EXERCISE INSTRUCTIONS -> Each entry below needs to be copied exactly, with nothing dropped.

......

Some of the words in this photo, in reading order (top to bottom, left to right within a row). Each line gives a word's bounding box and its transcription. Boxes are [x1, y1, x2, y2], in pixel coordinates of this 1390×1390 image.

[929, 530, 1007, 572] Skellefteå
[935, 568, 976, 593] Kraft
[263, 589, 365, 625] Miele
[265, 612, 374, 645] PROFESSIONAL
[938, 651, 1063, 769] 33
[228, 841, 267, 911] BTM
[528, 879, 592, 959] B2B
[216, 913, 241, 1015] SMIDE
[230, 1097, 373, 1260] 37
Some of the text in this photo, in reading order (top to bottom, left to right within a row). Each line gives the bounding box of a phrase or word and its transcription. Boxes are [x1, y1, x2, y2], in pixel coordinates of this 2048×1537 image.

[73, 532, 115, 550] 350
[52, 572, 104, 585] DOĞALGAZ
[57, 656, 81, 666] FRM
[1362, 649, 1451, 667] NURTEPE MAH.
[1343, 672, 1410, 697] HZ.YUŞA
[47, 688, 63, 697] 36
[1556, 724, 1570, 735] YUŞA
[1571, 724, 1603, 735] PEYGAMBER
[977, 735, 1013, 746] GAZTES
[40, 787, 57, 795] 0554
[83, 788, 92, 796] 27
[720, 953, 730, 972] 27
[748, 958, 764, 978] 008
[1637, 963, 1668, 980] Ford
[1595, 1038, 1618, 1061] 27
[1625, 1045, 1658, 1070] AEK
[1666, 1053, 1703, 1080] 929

......

RESULT OF THIS EXERCISE ->
Some of the words in this photo, in reading order (top to bottom, left to right within a row). Each line gives a word's bounding box and its transcription. Boxes are [x1, y1, x2, y2], in pixel coordinates of this 1390×1390 image.

[929, 530, 1007, 572] Skellefteå
[935, 568, 976, 593] Kraft
[263, 589, 365, 625] Miele
[265, 612, 374, 645] PROFESSIONAL
[938, 651, 1063, 769] 33
[228, 841, 267, 911] BTM
[528, 879, 592, 959] B2B
[216, 913, 241, 1015] SMIDE
[230, 1097, 373, 1260] 37
Some of the text in this photo, in reading order (top to bottom, left to right within a row). Each line gives the bounding box of a phrase or word and its transcription. Boxes are [x1, y1, x2, y2], in pixel coordinates of this 2048×1537 image.

[73, 532, 115, 550] 350
[52, 572, 104, 585] DOĞALGAZ
[57, 656, 81, 666] FRM
[1362, 649, 1451, 667] NURTEPE MAH.
[1343, 672, 1410, 697] HZ.YUŞA
[47, 688, 63, 697] 36
[1556, 724, 1570, 735] YUŞA
[1571, 724, 1603, 735] PEYGAMBER
[977, 735, 1013, 746] GAZTES
[40, 787, 57, 795] 0554
[83, 788, 92, 796] 27
[720, 953, 730, 972] 27
[748, 958, 764, 978] 008
[1637, 963, 1668, 980] Ford
[1595, 1038, 1618, 1061] 27
[1625, 1045, 1658, 1070] AEK
[1666, 1053, 1703, 1080] 929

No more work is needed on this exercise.